The starters regrouped sufficiently that the box score gives no indication that the game wasn't the blowout Walther hoped for.

Crudup led all scorers with 19 points, 11 at the free throw line. Thames and Booker had 17 each. Thames had a game-high 13 rebounds, one more than Crudup.

Sutherland initiated the transfusion from the bench in the first half.

“Jason continued to play, and I thought really was the most determined player on the floor tonight,” Stewart said.
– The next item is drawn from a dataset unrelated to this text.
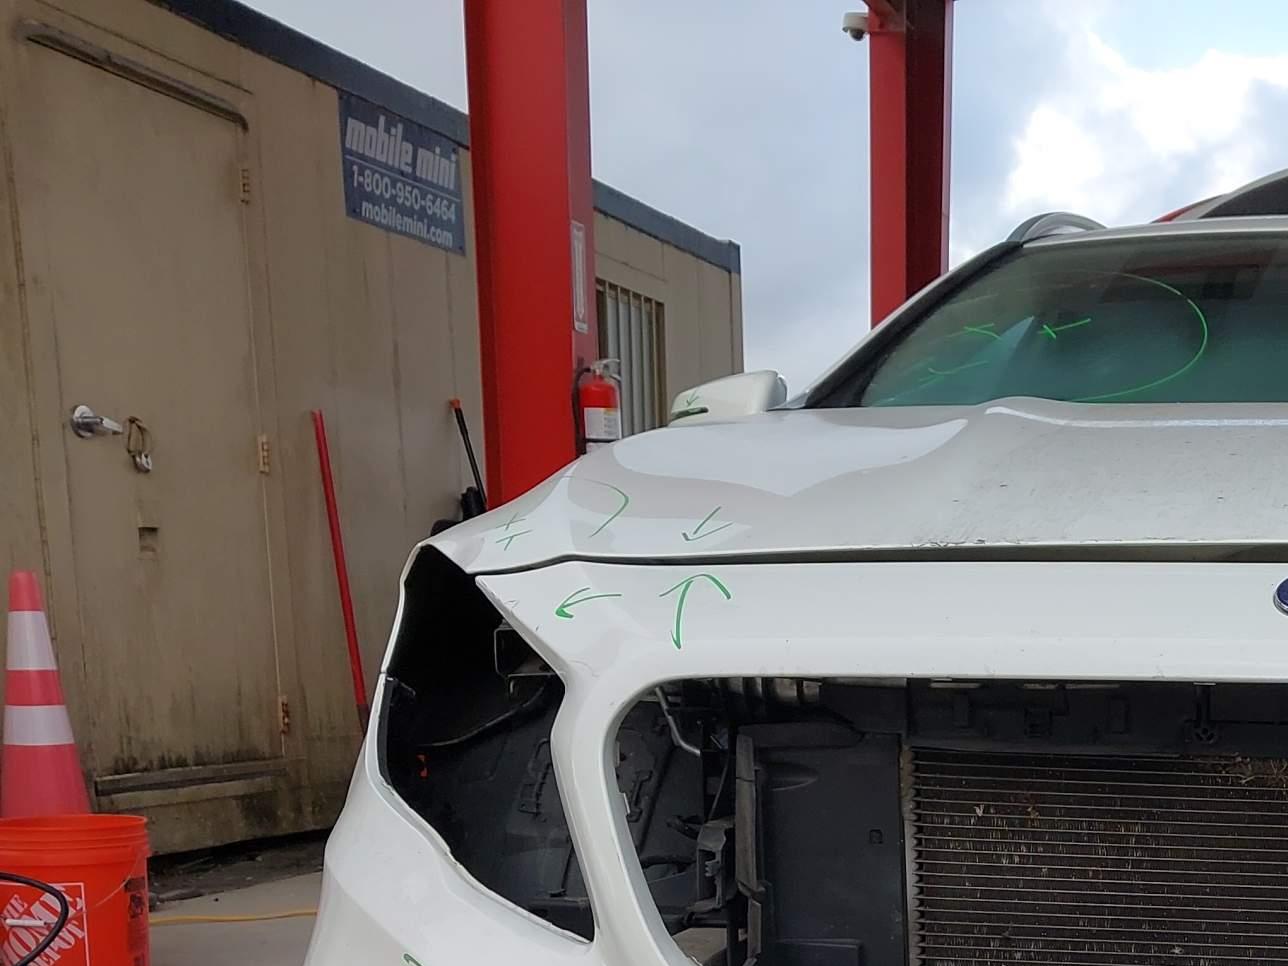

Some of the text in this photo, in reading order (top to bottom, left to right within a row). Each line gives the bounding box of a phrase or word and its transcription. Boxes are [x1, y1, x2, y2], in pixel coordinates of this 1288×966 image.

[345, 115, 458, 190] mobile mini
[352, 165, 456, 224] 1-800-950-6464
[361, 200, 453, 247] mobilemini.com
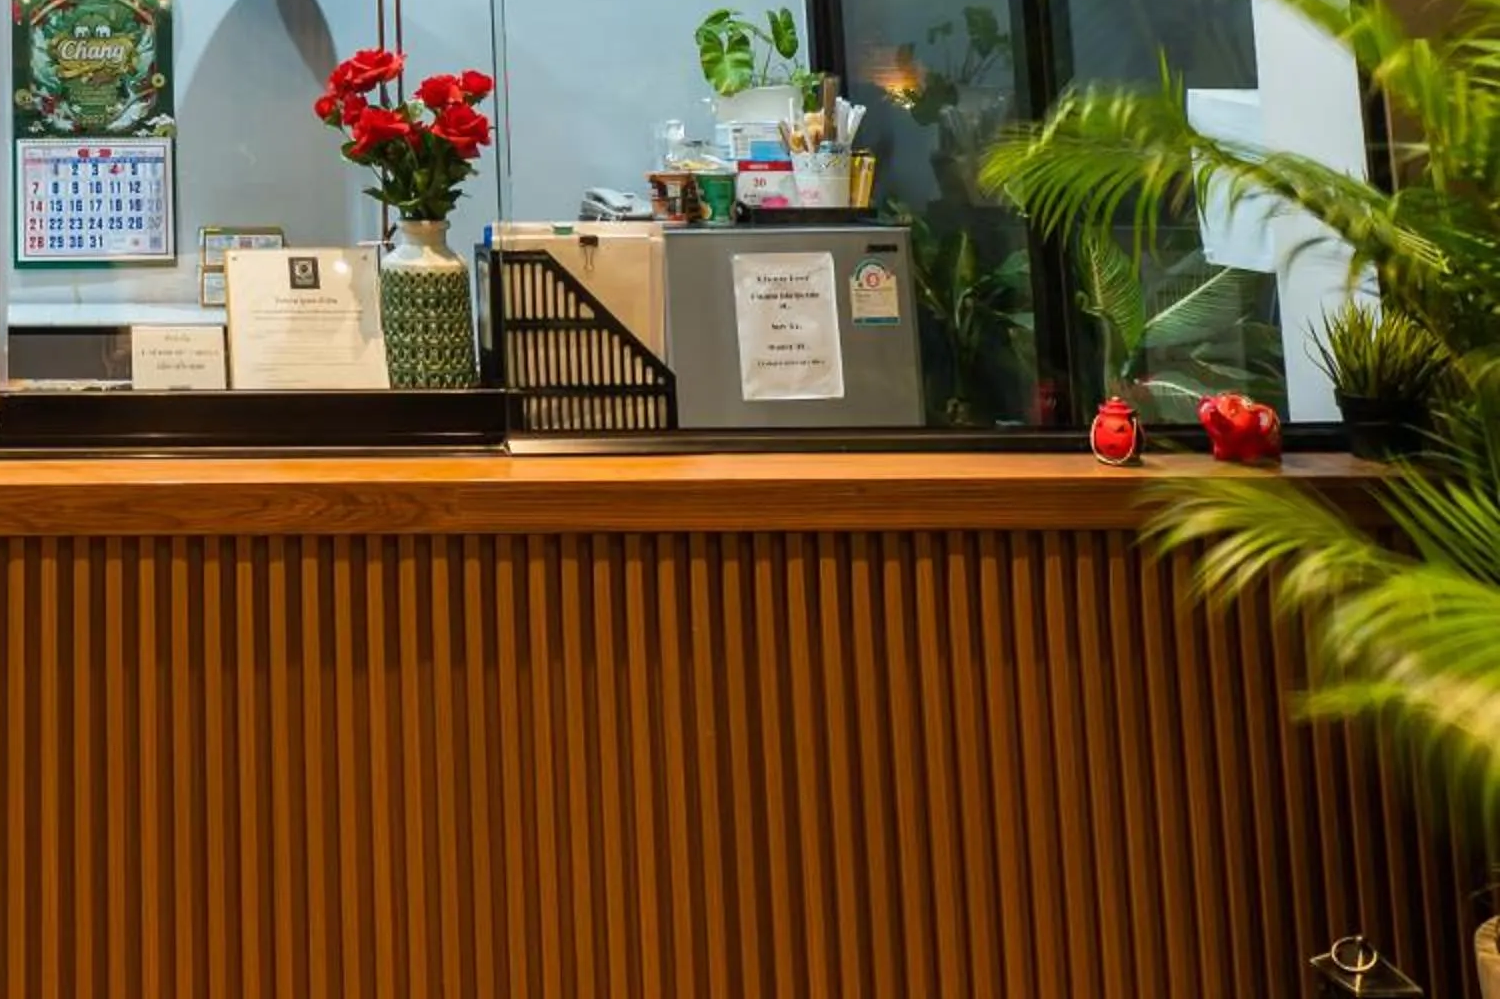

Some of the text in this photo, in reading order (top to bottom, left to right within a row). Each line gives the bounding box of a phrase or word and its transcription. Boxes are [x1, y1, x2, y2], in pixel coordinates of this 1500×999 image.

The backups have been getting the best of the starters in the last few days of practice.

“The five that he put in have been playing real well together,” Heller said. “He knew we could do something. He knew we wouldn't just go out there and fold.”

The move was made suddenly. “He just came down there and said, `You five want to go?' And we all got up and checked in,” Heller said.

Thames, Booker and Crudup checked back in during the final minute of the first half with the halftime score of 29-26 already on the board.

Missouri opened the second half in much more stirring fashion and the original lineup back on the floor.

Thames opened the scoring by slamming a lob pass from Frazier. Navy (17-13) tied the game at 33 on Jim Hamilton's three-pointer. The Midshipmen made seven of 33 long-range shots. Another from Hamilton brought Navy within 37-36 almost 10 minutes into the second half. From that point, Missouri pulled away, and took its largest lead at 66-49.

“Our kids played real hard for real long,” Navy coach Don DeVoe said. “I thought we hung in there really well for 30 minutes of the ballgame.”

Having taken out Navy with the subs' help, Missouri plays Wisconsin tomorrow, sometime around 6 p.m. Missouri time. If they can get by the Badgers, the Tigers would set their course for the port of Los Angeles, site of the West Region semifinals and finals. Missouri has not advanced to the round of 16 since 1989.